### Brief
Quote the lines below exactly, from the one that holds "this 1344×1512 image." through the final line of the records, and only those.

** Data for analysis follows **

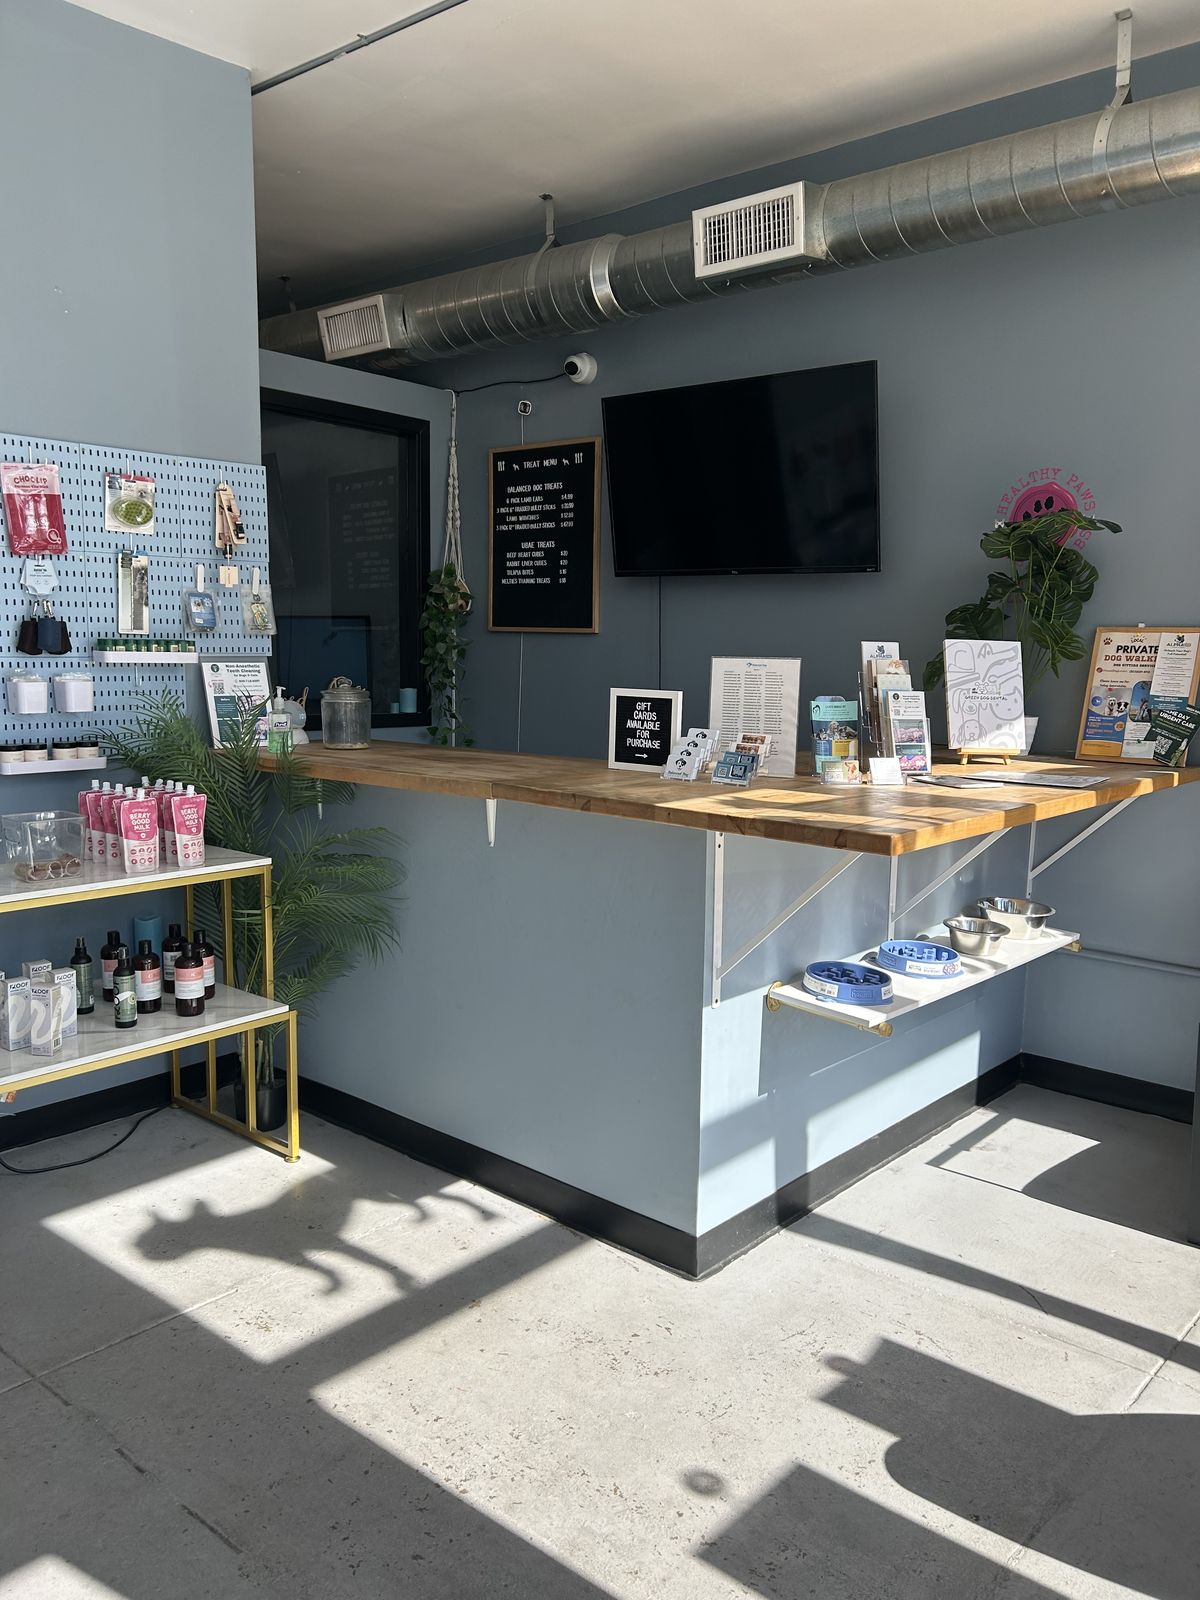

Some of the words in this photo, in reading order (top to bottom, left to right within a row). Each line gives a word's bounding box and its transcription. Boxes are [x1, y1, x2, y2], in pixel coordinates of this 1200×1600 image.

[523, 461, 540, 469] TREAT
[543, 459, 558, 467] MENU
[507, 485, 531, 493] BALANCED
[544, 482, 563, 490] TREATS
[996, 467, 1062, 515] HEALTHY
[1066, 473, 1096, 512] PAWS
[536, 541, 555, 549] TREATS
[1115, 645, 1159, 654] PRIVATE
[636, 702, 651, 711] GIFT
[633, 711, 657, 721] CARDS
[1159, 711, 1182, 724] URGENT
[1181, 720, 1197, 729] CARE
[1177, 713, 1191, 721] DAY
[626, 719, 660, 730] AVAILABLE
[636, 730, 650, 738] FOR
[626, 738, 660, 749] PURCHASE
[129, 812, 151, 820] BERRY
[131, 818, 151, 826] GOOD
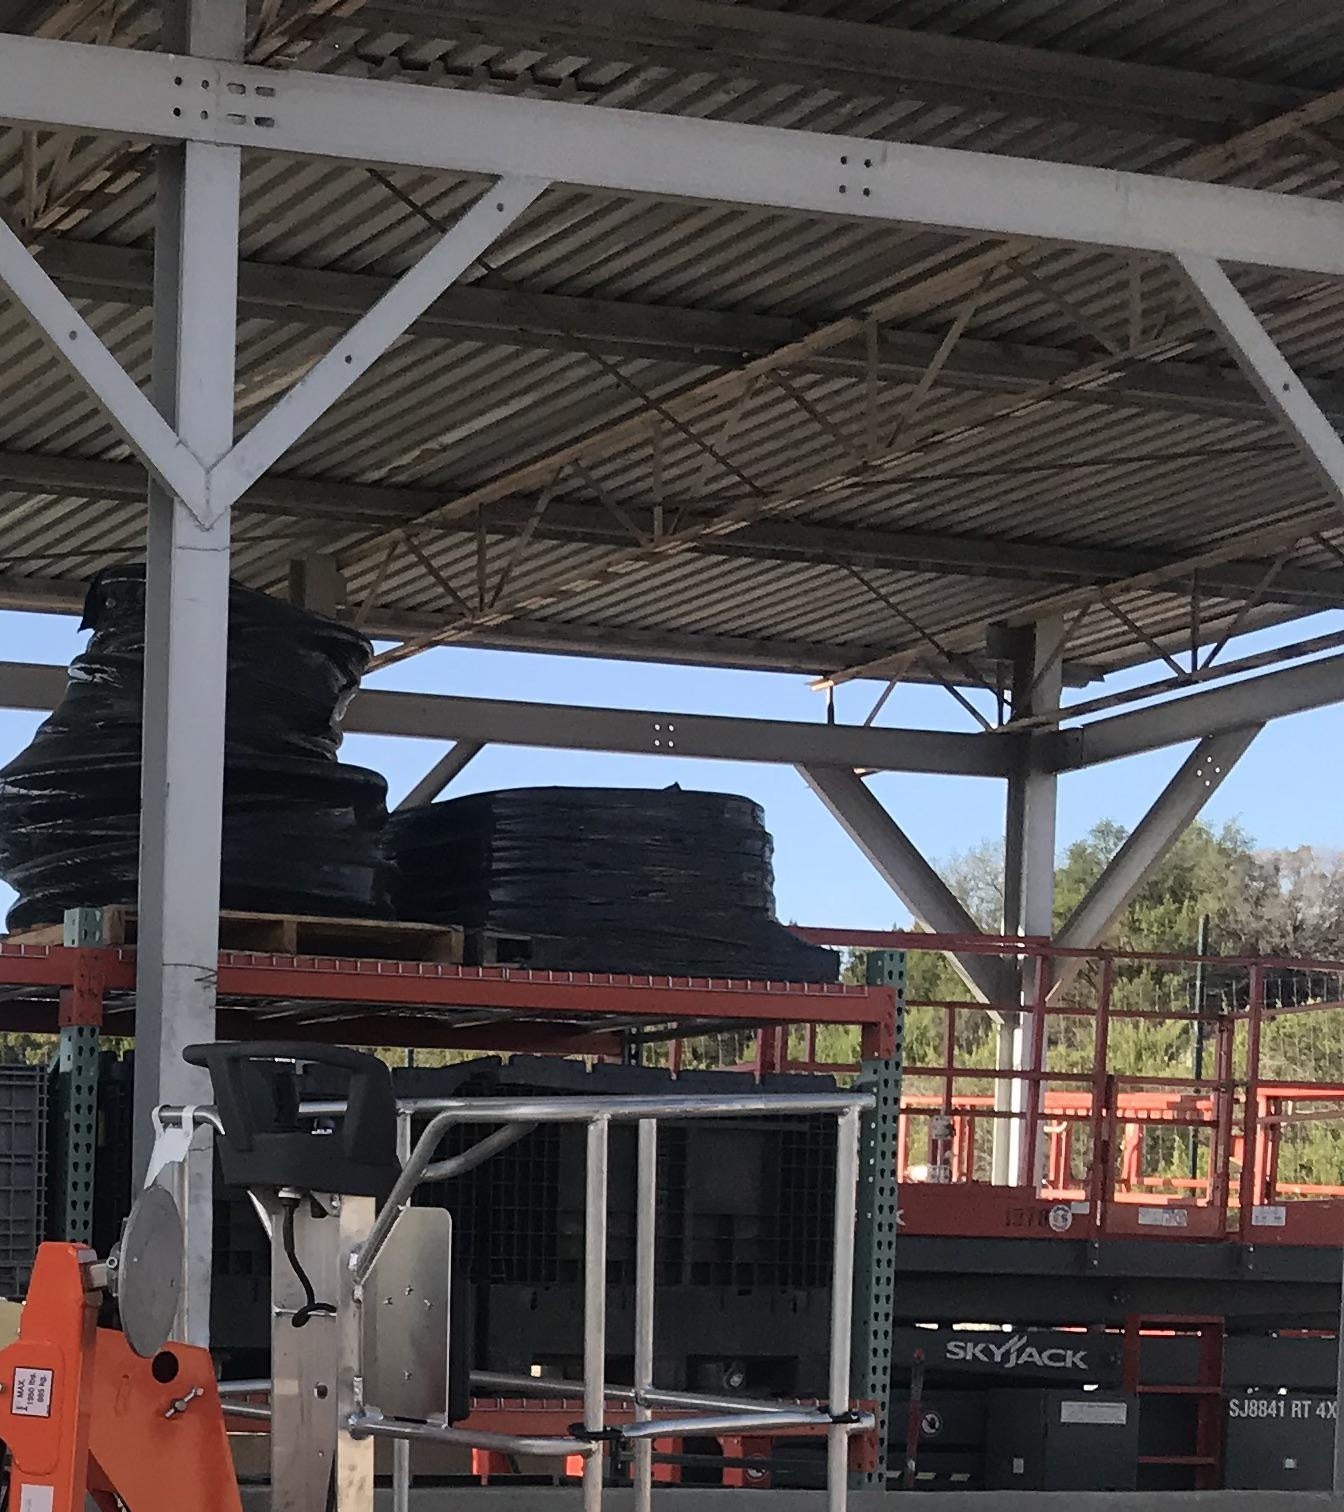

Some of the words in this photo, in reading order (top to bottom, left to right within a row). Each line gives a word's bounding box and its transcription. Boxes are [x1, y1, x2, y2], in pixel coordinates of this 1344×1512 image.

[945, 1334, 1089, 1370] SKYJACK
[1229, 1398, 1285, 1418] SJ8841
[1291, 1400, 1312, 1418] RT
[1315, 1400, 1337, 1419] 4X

** End of Data for analysis **

### Result of the task
Some of the words in this photo, in reading order (top to bottom, left to right within a row). Each line gives a word's bounding box and its transcription. Boxes are [x1, y1, x2, y2], in pixel coordinates of this 1344×1512 image.

[945, 1334, 1089, 1370] SKYJACK
[1229, 1398, 1285, 1418] SJ8841
[1291, 1400, 1312, 1418] RT
[1315, 1400, 1337, 1419] 4X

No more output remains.